Word for word, print each record, dropping any image it holds.
****************
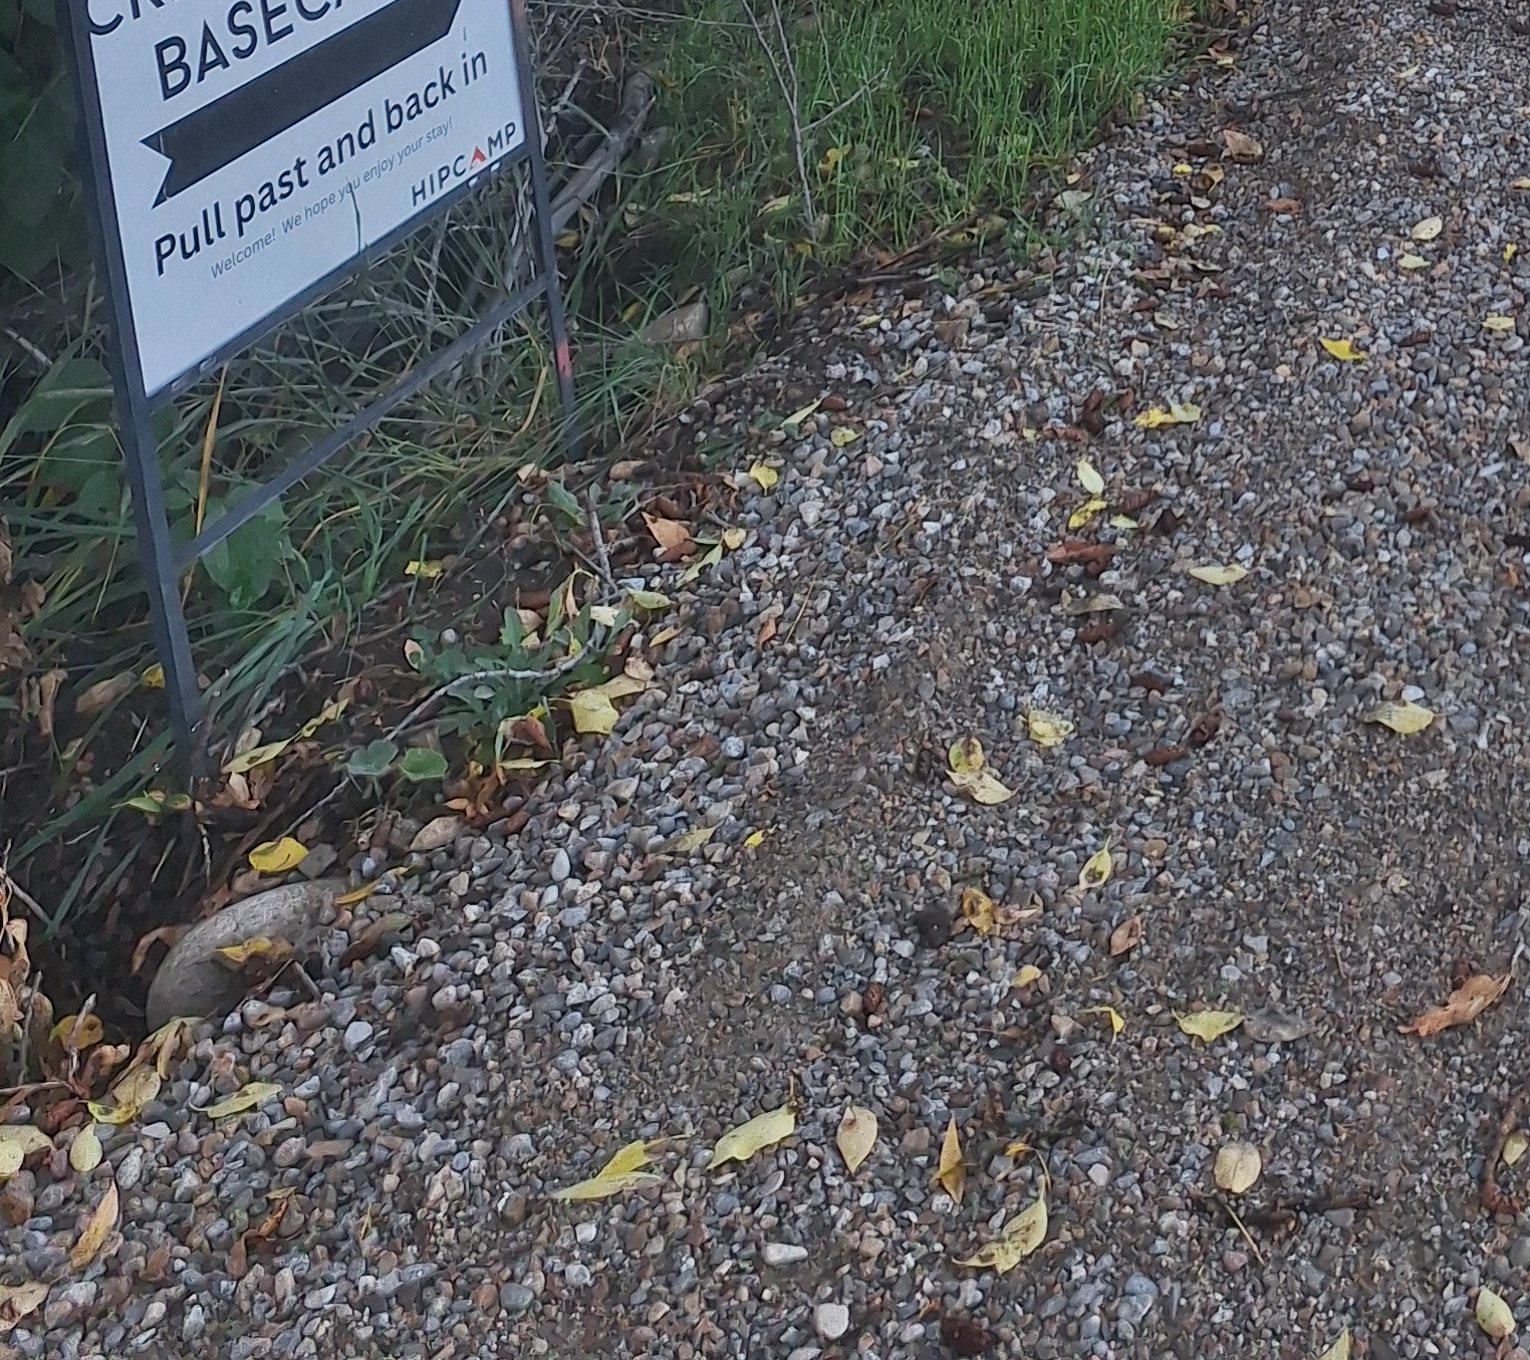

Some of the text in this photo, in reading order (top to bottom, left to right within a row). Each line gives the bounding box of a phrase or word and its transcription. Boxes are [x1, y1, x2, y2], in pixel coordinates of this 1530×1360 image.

[154, 49, 488, 277] Pull past and back in
[210, 116, 454, 280] Welcome! We hope you enjoy your stay!
[410, 121, 517, 207] HIPCAMP
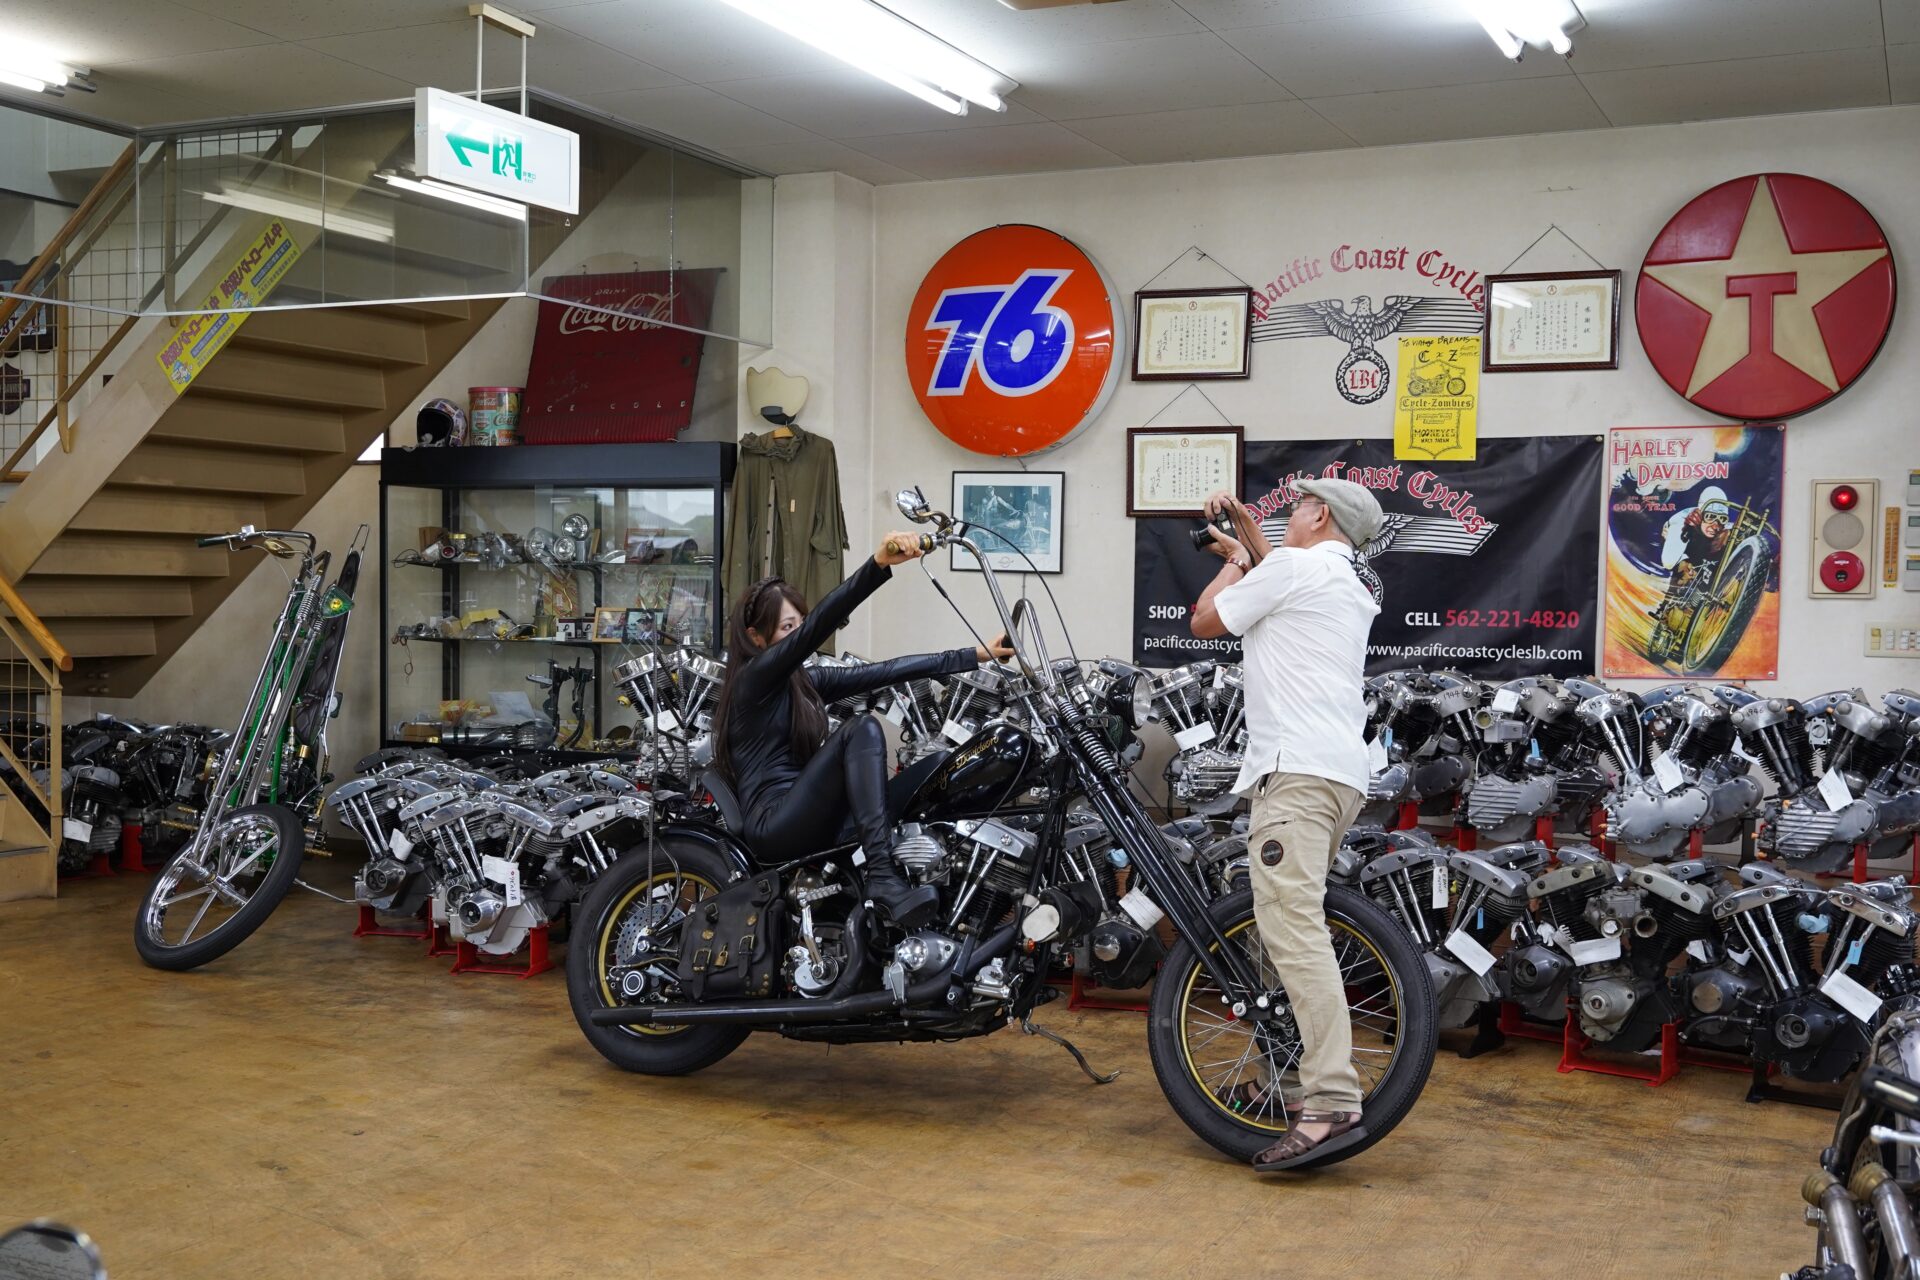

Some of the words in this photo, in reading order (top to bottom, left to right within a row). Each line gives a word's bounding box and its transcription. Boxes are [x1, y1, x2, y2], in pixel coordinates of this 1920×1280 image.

[595, 288, 628, 296] DRINK
[1252, 255, 1324, 323] Pacific
[1330, 244, 1410, 273] Coast
[559, 292, 681, 335] Coca-Cola
[1726, 271, 1798, 355] T
[925, 268, 1076, 397] 76
[1448, 349, 1458, 362] Z
[1402, 398, 1472, 409] Cycle-Zombies
[1612, 438, 1693, 466] HARLEY
[1637, 461, 1730, 487] DAVIDSON
[1244, 470, 1315, 527] Pacif
[1407, 471, 1492, 535] Cycles
[1613, 503, 1642, 513] GOOD
[1646, 503, 1677, 513] YEAR
[1148, 605, 1187, 620] SHOP
[1405, 612, 1441, 627] CELL
[1444, 609, 1580, 629] 562-221-4820
[1366, 642, 1584, 662] www.pacificcoastcycleslb.com
****************
Result:
Some of the text in this photo, in reading order (top to bottom, left to right within a row). Each line gives the bounding box of a phrase or word and its transcription. Boxes are [x1, y1, x2, y2], in pixel coordinates of this 1530×1360 image.

[154, 49, 488, 277] Pull past and back in
[210, 116, 454, 280] Welcome! We hope you enjoy your stay!
[410, 121, 517, 207] HIPCAMP

Some of the words in this photo, in reading order (top to bottom, left to right within a row). Each line gives a word's bounding box and its transcription. Boxes are [x1, y1, x2, y2], in pixel coordinates of this 1920×1280 image.

[595, 288, 628, 296] DRINK
[1252, 255, 1324, 323] Pacific
[1330, 244, 1410, 273] Coast
[559, 292, 681, 335] Coca-Cola
[1726, 271, 1798, 355] T
[925, 268, 1076, 397] 76
[1448, 349, 1458, 362] Z
[1402, 398, 1472, 409] Cycle-Zombies
[1612, 438, 1693, 466] HARLEY
[1637, 461, 1730, 487] DAVIDSON
[1244, 470, 1315, 527] Pacif
[1407, 471, 1492, 535] Cycles
[1613, 503, 1642, 513] GOOD
[1646, 503, 1677, 513] YEAR
[1148, 605, 1187, 620] SHOP
[1405, 612, 1441, 627] CELL
[1444, 609, 1580, 629] 562-221-4820
[1366, 642, 1584, 662] www.pacificcoastcycleslb.com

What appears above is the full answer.